と、その時……――。
――キン…………――――。
耳の奥が何か高い音を捉えたような、そんな感覚だった。
「なんだ?」
寝転がったばかりのシムザが、何事かと跳ね起きる。
――キーンッッ…………――――。
そしてもう一度、それと同じ感覚に襲われ、シムザは痛みにも似た不快さを感じて両耳を手で塞いで目を閉じた。
二度同じ感覚を味わったことで、それは音ではなく、何らかの振動が空気を揺らして伝わってきたものではないかと思えるようになった。
暗闇の中、空気だけがピンと張り詰めている、そんな感覚だ。
少しその感覚に慣れたシムザがゆっくりと目を開ける。
するとそれまでどれだけ目を凝らしても見えてくることのなかった部屋の中が、うっすらと暗闇に浮かび上がるように見えていた。
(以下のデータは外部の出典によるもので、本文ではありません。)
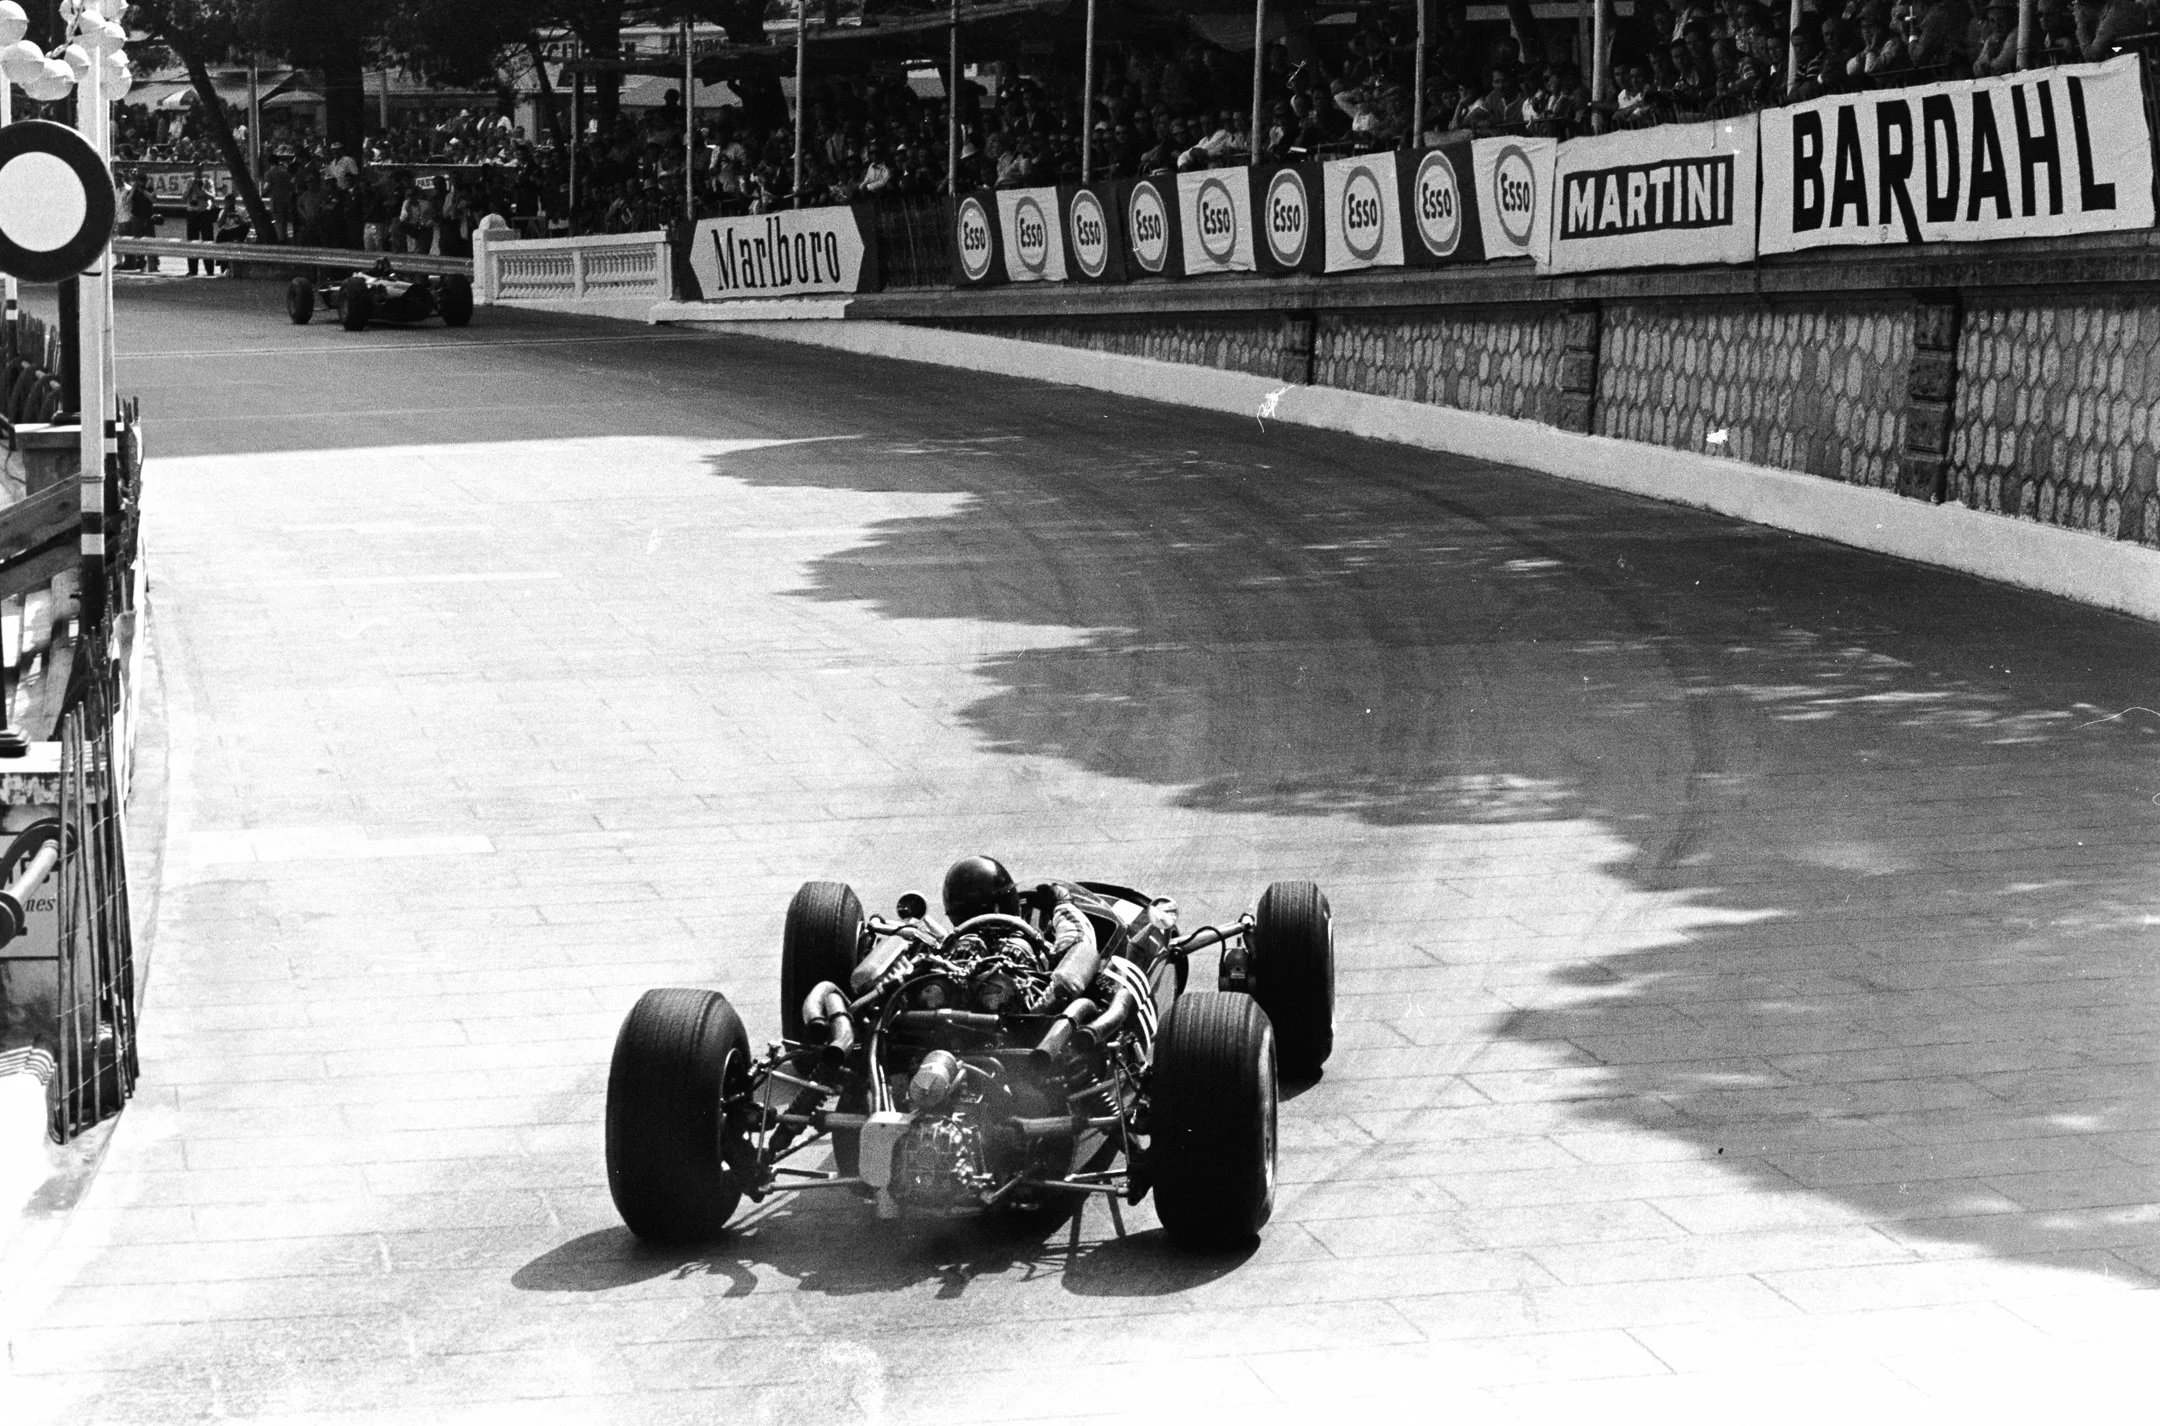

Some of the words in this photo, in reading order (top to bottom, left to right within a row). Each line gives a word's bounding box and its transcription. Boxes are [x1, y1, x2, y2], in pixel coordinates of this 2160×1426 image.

シムザはその場に立ち上がってぐるりと辺りを見回した。
「牢屋っていうわけじゃねぇんだな、ここは」
落ち着きを取り戻し、耳を塞いでいた両手をゆっくりと下ろす。
目に映ったのは、先ほどまでとは比べものにならないほどに明るい光を放つ消音石だった。
足下に注意しながら近付くと、ついさっき起こった二回ほどの衝撃はないものの、ある一定の間隔をおいて消音石から波動のようなものが広がっているのがわかった。
空気に起きた波紋のようなものではないかと、シムザはわからないなりに思い至った。
壁を前に向かい合って立つと、露出している部分の肌がぴりぴりと刺激を受ける。
ゆっくりと歩いてすべての壁の前に立ってみたが、どの消音石も同じだった。
「何が起こってんだ?」
部屋の中ほどに戻り、戸惑いながらも何か情報を得ようと先入観を捨て、感覚に自分のすべてを集中した。
「落ち着け……落ち着け……」
目を瞑り、小さくそうつぶやきながら、部屋の中のどんな小さな変化をも見逃さないようにと意識を集めていく。
そうしているうちに、また例の波動がシムザを襲った。
――キーンッッ…………――――。
シムザは思わず耳を塞ぐ。
「うわぁぁああ!!!」
シムザはガクンと膝からその場に崩れた。
それと同時に、波動と共に流れてくる意識のようなものに気付いた。
「……! え!?」
何かを探すようにきょろきょろと辺りを見渡す。
そして自分の感じたものを言葉にして吐き出した。
「なんだ、これは……!?」
そうつぶやいたシムザの手が耳から離れてだらりと下がる。
そしてそのまま、意識が遠のいていったシムザはその場にばたりと倒れてしまった。
――リン……。お前、なのか?
そう思った直後、シムザは意識を手放した。